**To do**. Output the data below exactly. Leave nothing out.

§ §

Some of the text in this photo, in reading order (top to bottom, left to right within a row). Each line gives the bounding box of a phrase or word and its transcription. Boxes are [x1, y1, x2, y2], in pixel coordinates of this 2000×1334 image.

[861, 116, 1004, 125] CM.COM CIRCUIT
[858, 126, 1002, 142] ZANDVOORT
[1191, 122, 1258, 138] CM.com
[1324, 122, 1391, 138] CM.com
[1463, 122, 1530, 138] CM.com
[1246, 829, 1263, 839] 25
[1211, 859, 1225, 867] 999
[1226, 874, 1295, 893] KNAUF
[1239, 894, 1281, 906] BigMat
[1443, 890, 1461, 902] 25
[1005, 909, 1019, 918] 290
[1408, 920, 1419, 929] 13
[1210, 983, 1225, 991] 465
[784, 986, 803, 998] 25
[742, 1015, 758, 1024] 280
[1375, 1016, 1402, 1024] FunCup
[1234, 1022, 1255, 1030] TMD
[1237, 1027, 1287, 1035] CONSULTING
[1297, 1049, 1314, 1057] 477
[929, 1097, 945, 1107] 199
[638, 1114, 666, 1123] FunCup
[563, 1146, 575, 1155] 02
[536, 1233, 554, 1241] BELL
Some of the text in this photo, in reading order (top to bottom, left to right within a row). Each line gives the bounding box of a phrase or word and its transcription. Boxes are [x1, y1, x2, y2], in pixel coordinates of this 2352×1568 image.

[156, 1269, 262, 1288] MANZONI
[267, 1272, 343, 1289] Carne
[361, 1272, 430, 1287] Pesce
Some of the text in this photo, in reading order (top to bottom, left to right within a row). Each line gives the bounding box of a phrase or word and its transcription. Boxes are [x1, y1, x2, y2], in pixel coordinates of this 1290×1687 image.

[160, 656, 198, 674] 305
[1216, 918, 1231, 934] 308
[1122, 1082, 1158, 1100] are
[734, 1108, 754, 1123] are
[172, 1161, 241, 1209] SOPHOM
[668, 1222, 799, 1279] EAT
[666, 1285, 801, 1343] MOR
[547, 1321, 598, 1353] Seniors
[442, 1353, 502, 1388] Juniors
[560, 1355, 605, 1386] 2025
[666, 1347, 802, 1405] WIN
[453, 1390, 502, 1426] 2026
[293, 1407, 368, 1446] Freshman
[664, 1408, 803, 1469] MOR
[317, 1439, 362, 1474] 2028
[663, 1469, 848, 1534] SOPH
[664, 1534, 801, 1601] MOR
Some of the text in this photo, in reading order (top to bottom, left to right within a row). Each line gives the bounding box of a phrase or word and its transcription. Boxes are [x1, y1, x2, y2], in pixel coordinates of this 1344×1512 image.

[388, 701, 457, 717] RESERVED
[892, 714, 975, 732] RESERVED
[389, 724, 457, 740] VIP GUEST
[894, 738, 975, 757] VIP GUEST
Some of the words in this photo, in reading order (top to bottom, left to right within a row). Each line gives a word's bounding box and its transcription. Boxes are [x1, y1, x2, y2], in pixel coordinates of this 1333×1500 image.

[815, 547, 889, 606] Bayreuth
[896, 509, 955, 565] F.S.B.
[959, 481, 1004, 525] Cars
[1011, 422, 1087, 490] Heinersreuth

§ §

**Exercise answer**.
Some of the text in this photo, in reading order (top to bottom, left to right within a row). Each line gives the bounding box of a phrase or word and its transcription. Boxes are [x1, y1, x2, y2], in pixel coordinates of this 2000×1334 image.

[861, 116, 1004, 125] CM.COM CIRCUIT
[858, 126, 1002, 142] ZANDVOORT
[1191, 122, 1258, 138] CM.com
[1324, 122, 1391, 138] CM.com
[1463, 122, 1530, 138] CM.com
[1246, 829, 1263, 839] 25
[1211, 859, 1225, 867] 999
[1226, 874, 1295, 893] KNAUF
[1239, 894, 1281, 906] BigMat
[1443, 890, 1461, 902] 25
[1005, 909, 1019, 918] 290
[1408, 920, 1419, 929] 13
[1210, 983, 1225, 991] 465
[784, 986, 803, 998] 25
[742, 1015, 758, 1024] 280
[1375, 1016, 1402, 1024] FunCup
[1234, 1022, 1255, 1030] TMD
[1237, 1027, 1287, 1035] CONSULTING
[1297, 1049, 1314, 1057] 477
[929, 1097, 945, 1107] 199
[638, 1114, 666, 1123] FunCup
[563, 1146, 575, 1155] 02
[536, 1233, 554, 1241] BELL
Some of the text in this photo, in reading order (top to bottom, left to right within a row). Each line gives the bounding box of a phrase or word and its transcription. Boxes are [x1, y1, x2, y2], in pixel coordinates of this 2352×1568 image.

[156, 1269, 262, 1288] MANZONI
[267, 1272, 343, 1289] Carne
[361, 1272, 430, 1287] Pesce
Some of the text in this photo, in reading order (top to bottom, left to right within a row). Each line gives the bounding box of a phrase or word and its transcription. Boxes are [x1, y1, x2, y2], in pixel coordinates of this 1290×1687 image.

[160, 656, 198, 674] 305
[1216, 918, 1231, 934] 308
[1122, 1082, 1158, 1100] are
[734, 1108, 754, 1123] are
[172, 1161, 241, 1209] SOPHOM
[668, 1222, 799, 1279] EAT
[666, 1285, 801, 1343] MOR
[547, 1321, 598, 1353] Seniors
[442, 1353, 502, 1388] Juniors
[560, 1355, 605, 1386] 2025
[666, 1347, 802, 1405] WIN
[453, 1390, 502, 1426] 2026
[293, 1407, 368, 1446] Freshman
[664, 1408, 803, 1469] MOR
[317, 1439, 362, 1474] 2028
[663, 1469, 848, 1534] SOPH
[664, 1534, 801, 1601] MOR
Some of the text in this photo, in reading order (top to bottom, left to right within a row). Each line gives the bounding box of a phrase or word and its transcription. Boxes are [x1, y1, x2, y2], in pixel coordinates of this 1344×1512 image.

[388, 701, 457, 717] RESERVED
[892, 714, 975, 732] RESERVED
[389, 724, 457, 740] VIP GUEST
[894, 738, 975, 757] VIP GUEST
Some of the words in this photo, in reading order (top to bottom, left to right within a row). Each line gives a word's bounding box and its transcription. Boxes are [x1, y1, x2, y2], in pixel coordinates of this 1333×1500 image.

[815, 547, 889, 606] Bayreuth
[896, 509, 955, 565] F.S.B.
[959, 481, 1004, 525] Cars
[1011, 422, 1087, 490] Heinersreuth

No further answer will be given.